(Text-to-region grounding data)
++++++
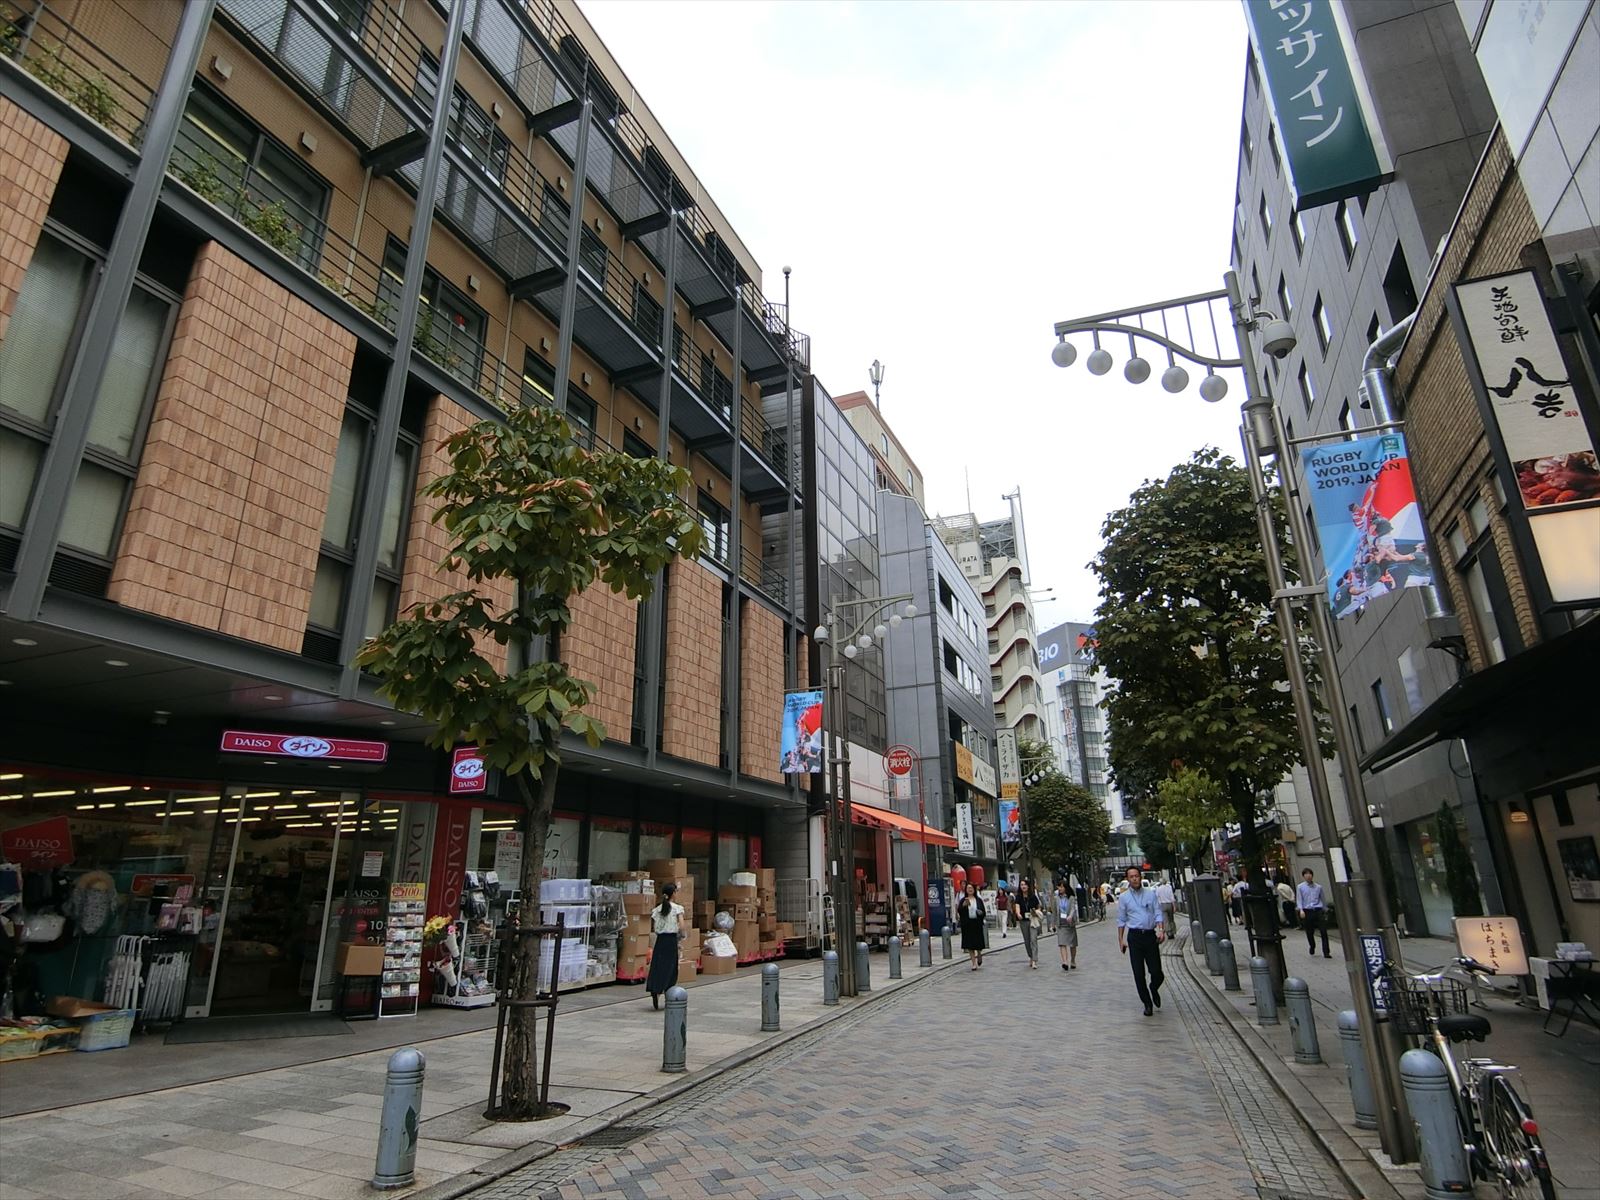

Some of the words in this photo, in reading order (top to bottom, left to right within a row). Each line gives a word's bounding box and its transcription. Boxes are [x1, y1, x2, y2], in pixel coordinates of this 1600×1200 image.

[1312, 450, 1362, 468] RUGBY
[1313, 461, 1369, 478] WORLD
[1371, 452, 1399, 470] CUP
[1316, 476, 1355, 490] 2019,
[1357, 462, 1401, 484] JAPAN
[235, 737, 272, 748] DAISO
[289, 741, 328, 752] ダイソー
[890, 756, 911, 768] 消火栓
[459, 763, 483, 774] ダイソ
[458, 780, 478, 788] DAISO
[15, 838, 60, 849] DAISO
[444, 824, 464, 908] DAISO
++++++
== Task instructions ==
Only the records are wanted, copied exactly, with the pictures dropped.

== Exercise solution ==
Some of the words in this photo, in reading order (top to bottom, left to right within a row). Each line gives a word's bounding box and its transcription. Boxes are [x1, y1, x2, y2], in pixel coordinates of this 1600×1200 image.

[1312, 450, 1362, 468] RUGBY
[1313, 461, 1369, 478] WORLD
[1371, 452, 1399, 470] CUP
[1316, 476, 1355, 490] 2019,
[1357, 462, 1401, 484] JAPAN
[235, 737, 272, 748] DAISO
[289, 741, 328, 752] ダイソー
[890, 756, 911, 768] 消火栓
[459, 763, 483, 774] ダイソ
[458, 780, 478, 788] DAISO
[15, 838, 60, 849] DAISO
[444, 824, 464, 908] DAISO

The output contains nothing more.